Give the listing again exactly, omitting its images.

### DATA FOR REVIEW
---
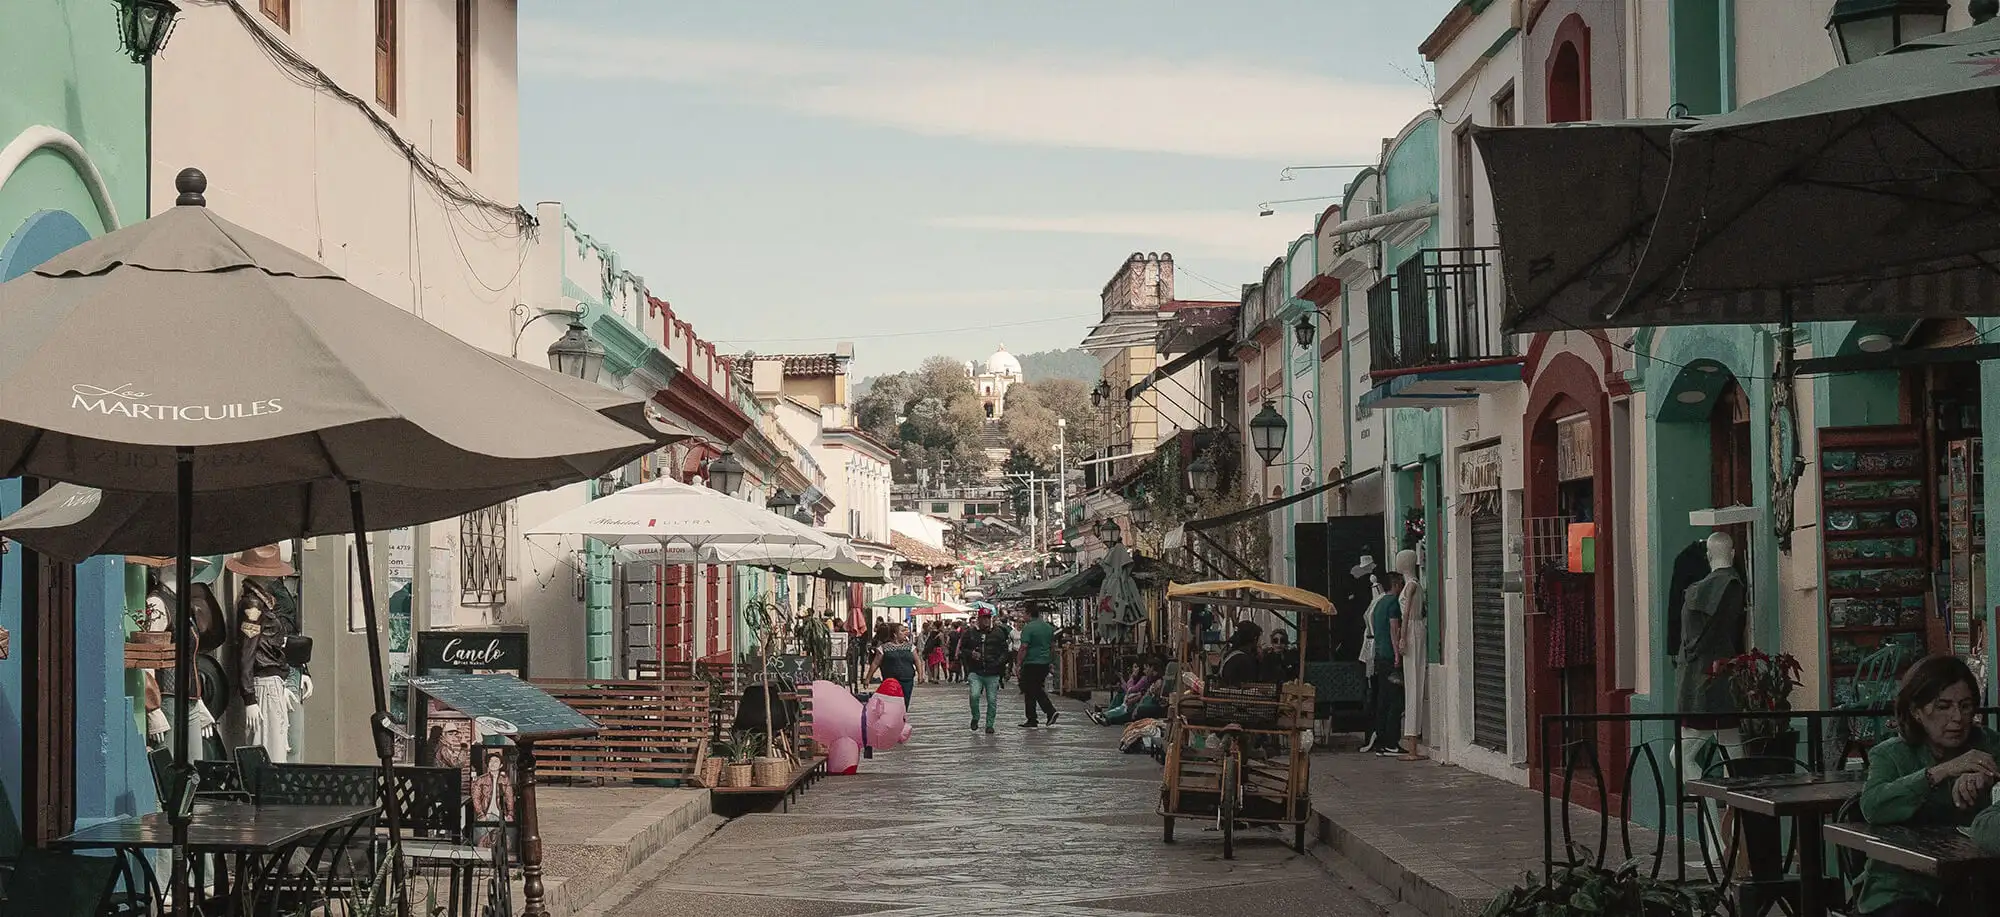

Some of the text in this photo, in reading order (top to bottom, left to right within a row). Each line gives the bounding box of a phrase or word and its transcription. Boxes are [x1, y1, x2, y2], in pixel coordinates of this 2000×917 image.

[72, 382, 153, 399] Los
[71, 394, 284, 421] MARTICUILES
[638, 546, 687, 556] STELLA ARTOIS
[442, 638, 505, 663] Canelo
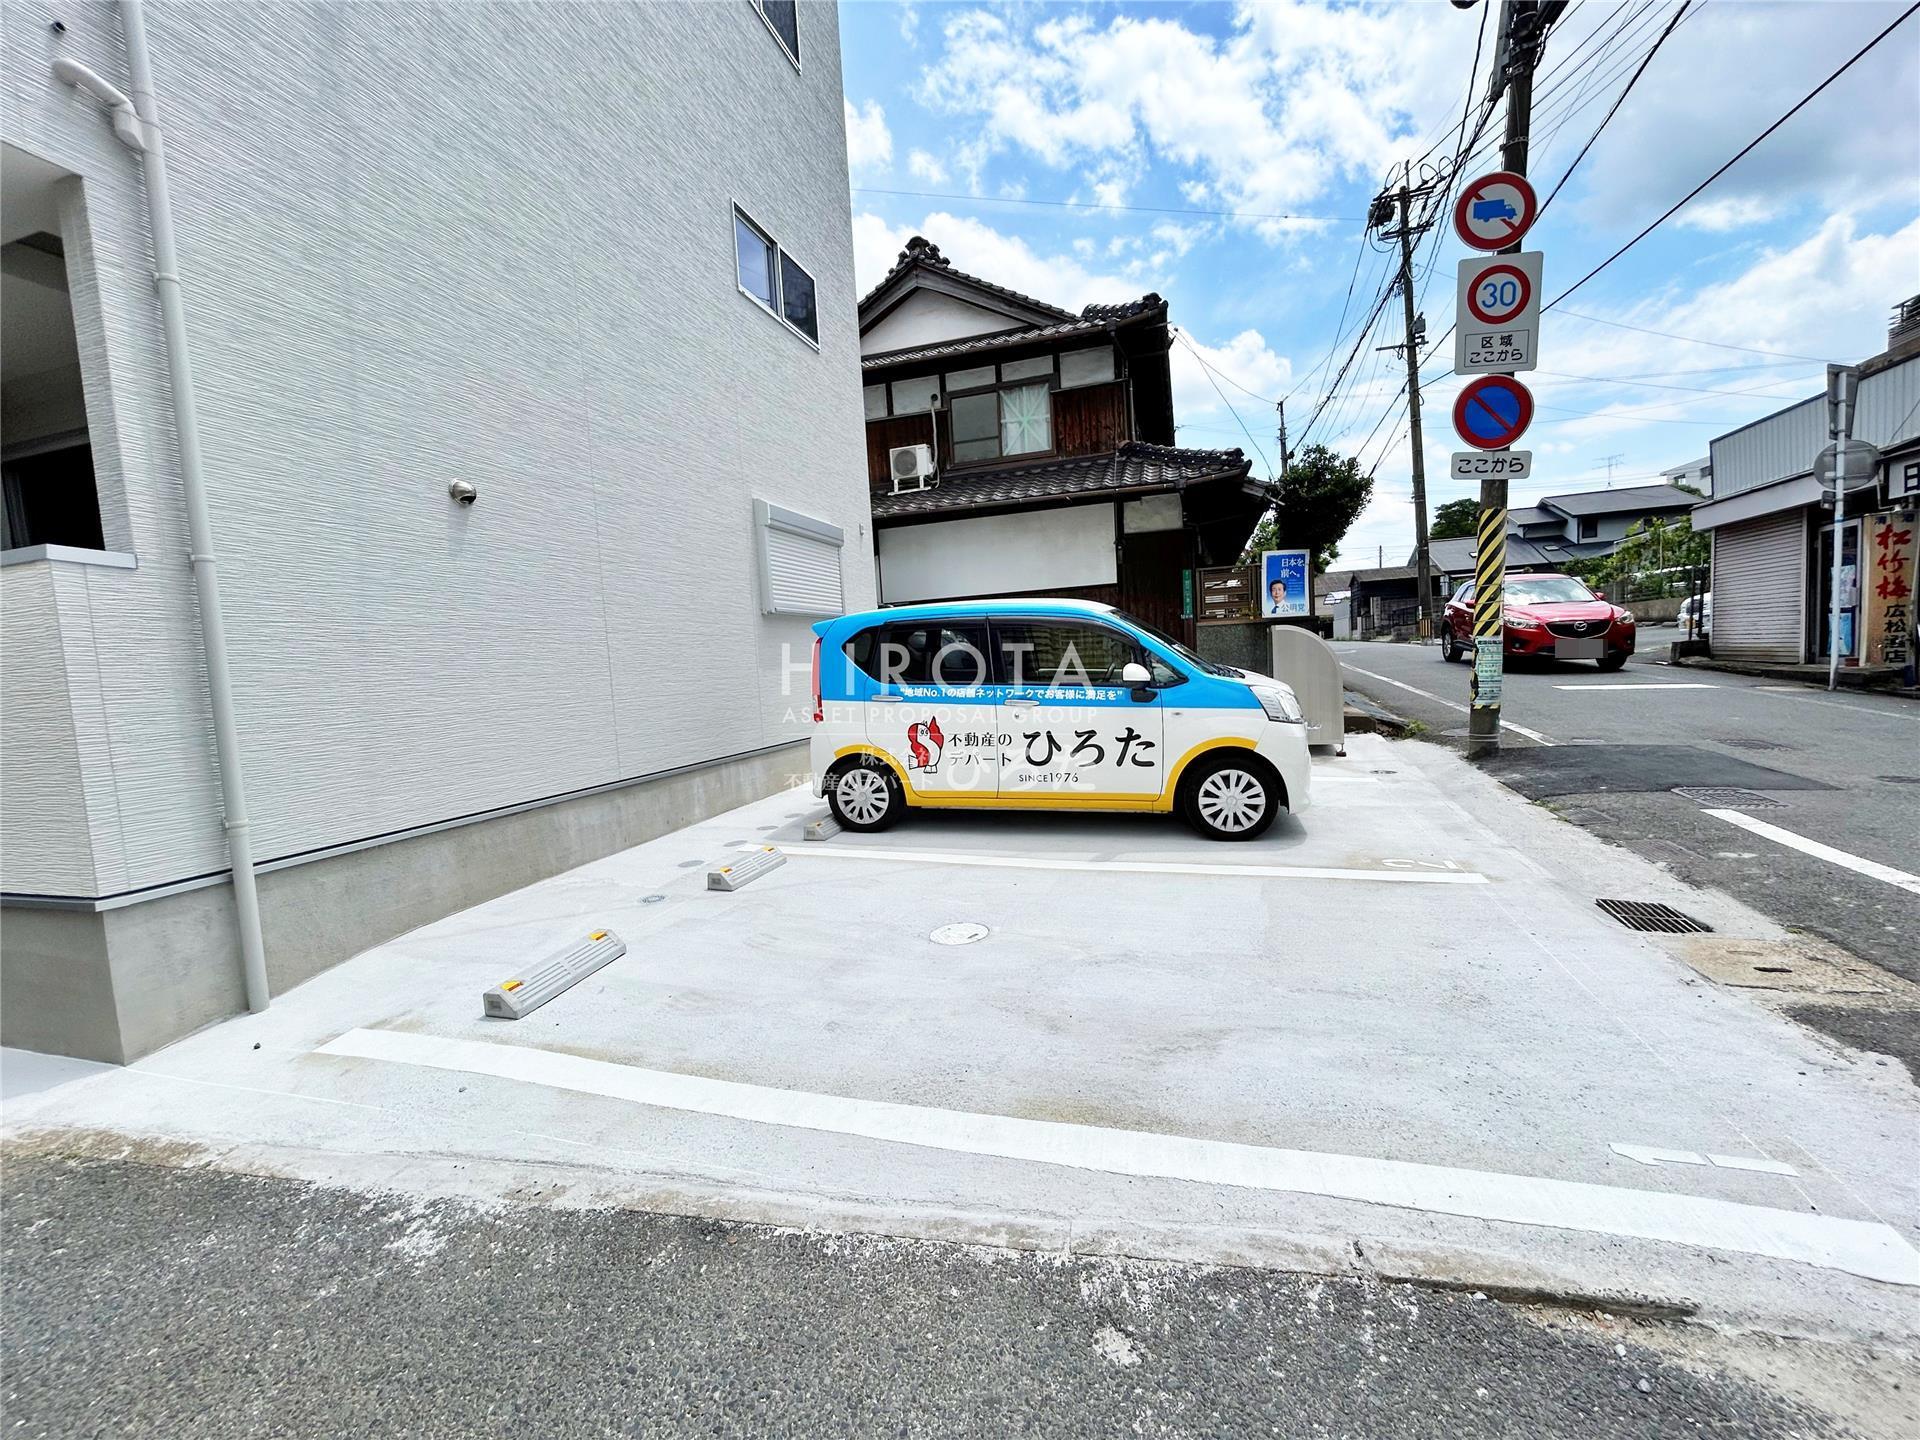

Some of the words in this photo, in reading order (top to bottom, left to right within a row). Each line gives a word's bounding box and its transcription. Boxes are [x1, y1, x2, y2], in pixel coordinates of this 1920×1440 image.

[1481, 281, 1517, 309] 30
[1481, 334, 1513, 349] 区域
[1469, 349, 1523, 364] ここから
[1457, 457, 1524, 474] ここから
[1875, 523, 1912, 599] 松竹梅
[1281, 603, 1305, 613] 公明党
[948, 732, 1012, 747] 不動産の
[1023, 726, 1156, 768] ひろた
[949, 752, 1012, 767] デパート
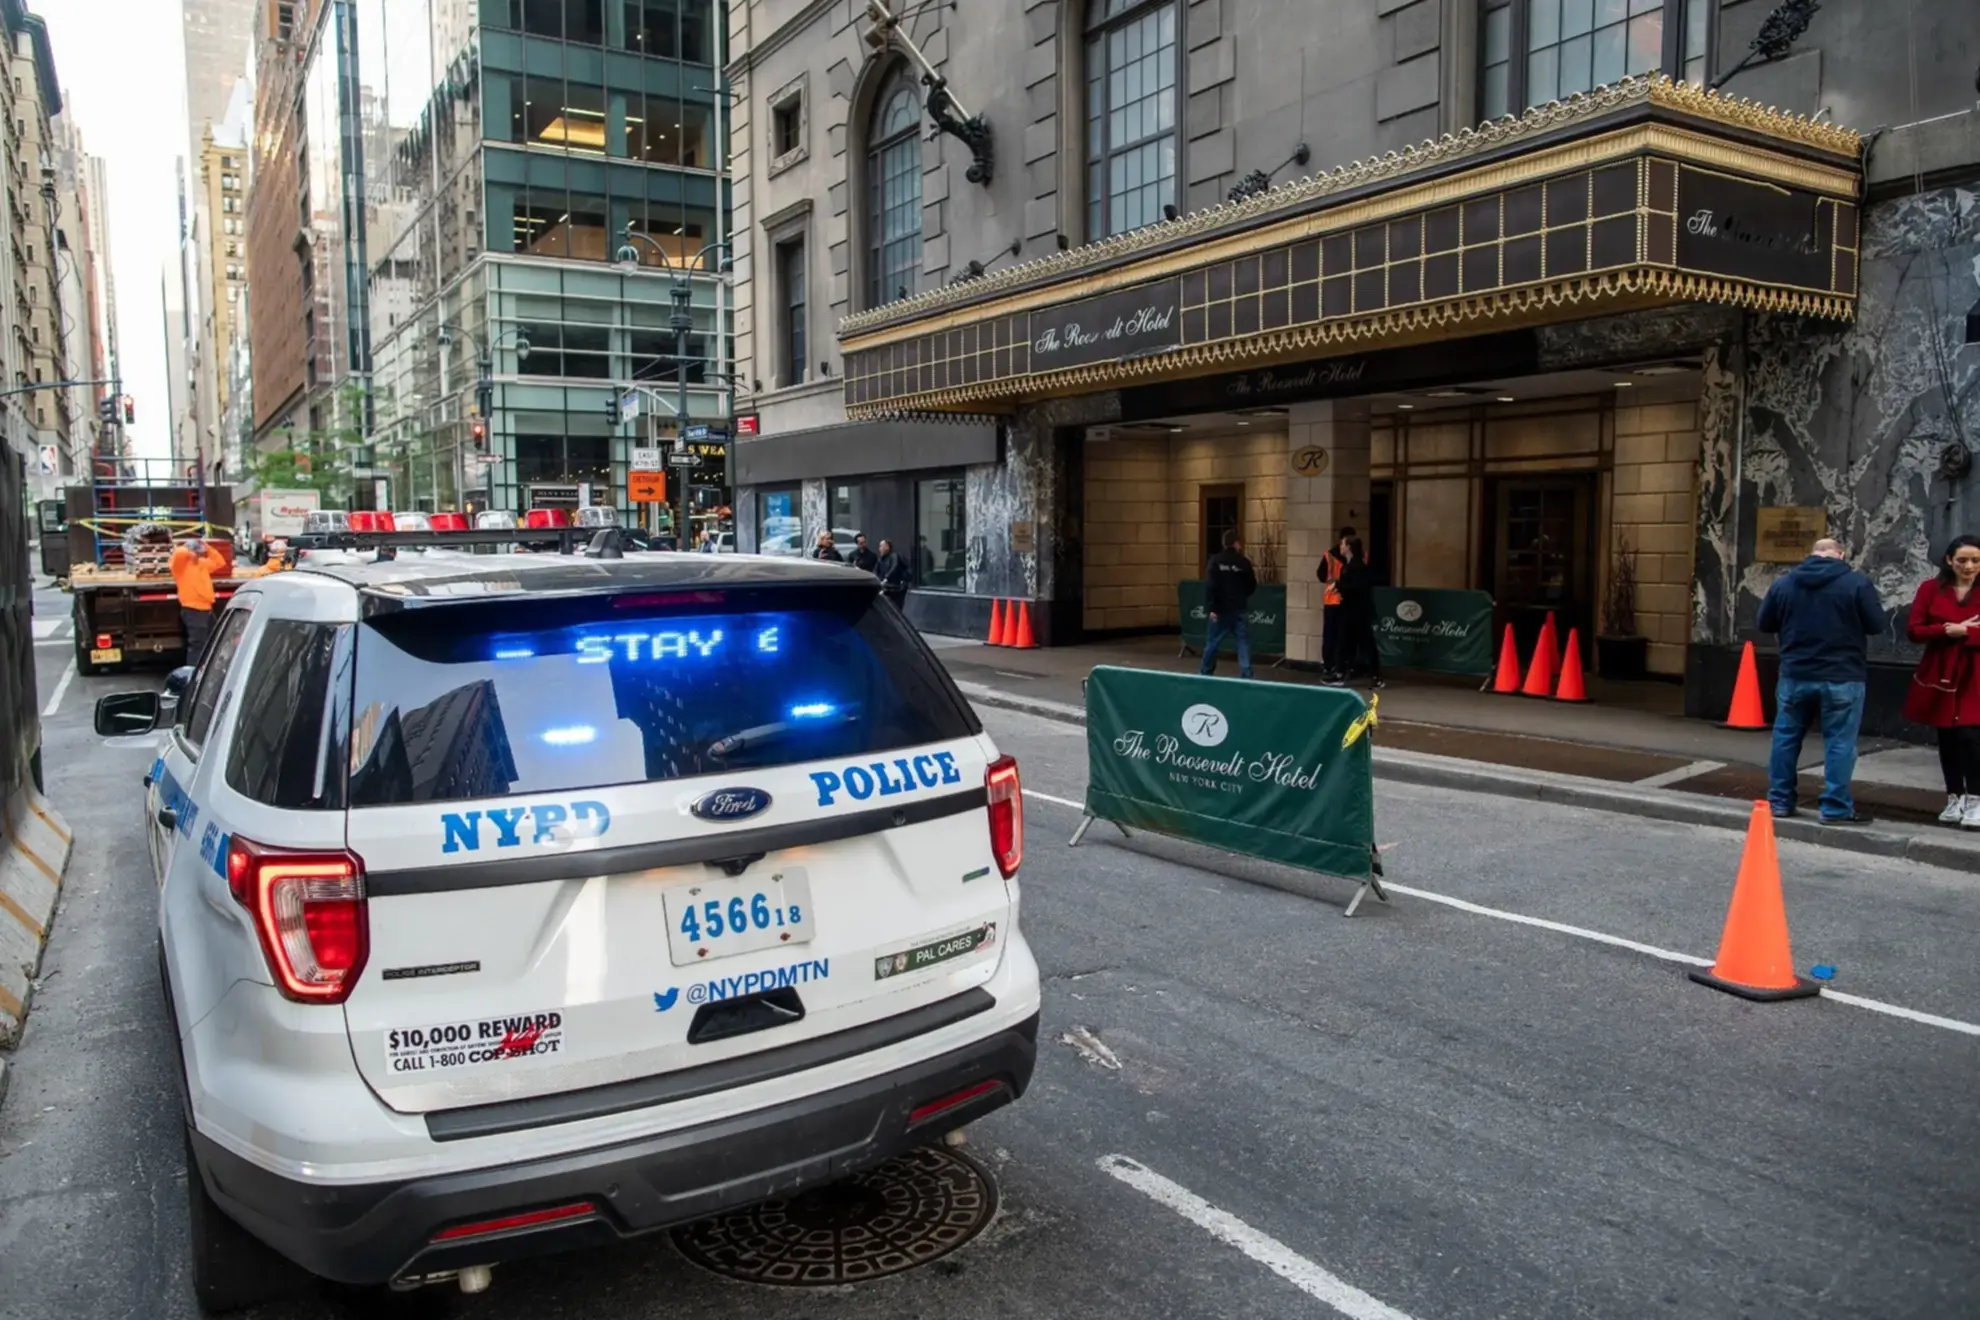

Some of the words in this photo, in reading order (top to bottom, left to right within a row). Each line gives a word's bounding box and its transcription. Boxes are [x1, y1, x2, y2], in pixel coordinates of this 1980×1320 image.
---
### EXERCISE SOLUTION
Some of the text in this photo, in reading order (top to bottom, left to right within a row). Each line gives the bounding box of a phrase or word and its transcription. Boxes are [x1, y1, x2, y2], in pixel coordinates of this 2000×917 image.

[72, 382, 153, 399] Los
[71, 394, 284, 421] MARTICUILES
[638, 546, 687, 556] STELLA ARTOIS
[442, 638, 505, 663] Canelo

Some of the words in this photo, in reading order (top to bottom, left to right within a row). Each line gives a word's bounding box and its transcription. Boxes are [x1, y1, x2, y2], in pixel coordinates of this 1920×1440 image.

[1481, 281, 1517, 309] 30
[1481, 334, 1513, 349] 区域
[1469, 349, 1523, 364] ここから
[1457, 457, 1524, 474] ここから
[1875, 523, 1912, 599] 松竹梅
[1281, 603, 1305, 613] 公明党
[948, 732, 1012, 747] 不動産の
[1023, 726, 1156, 768] ひろた
[949, 752, 1012, 767] デパート

Some of the words in this photo, in reading order (top to bottom, left to right within a row). Each line gives a word's bounding box and its transcription. Boxes are [x1, y1, x2, y2], in pixel coordinates of this 1980×1320 image.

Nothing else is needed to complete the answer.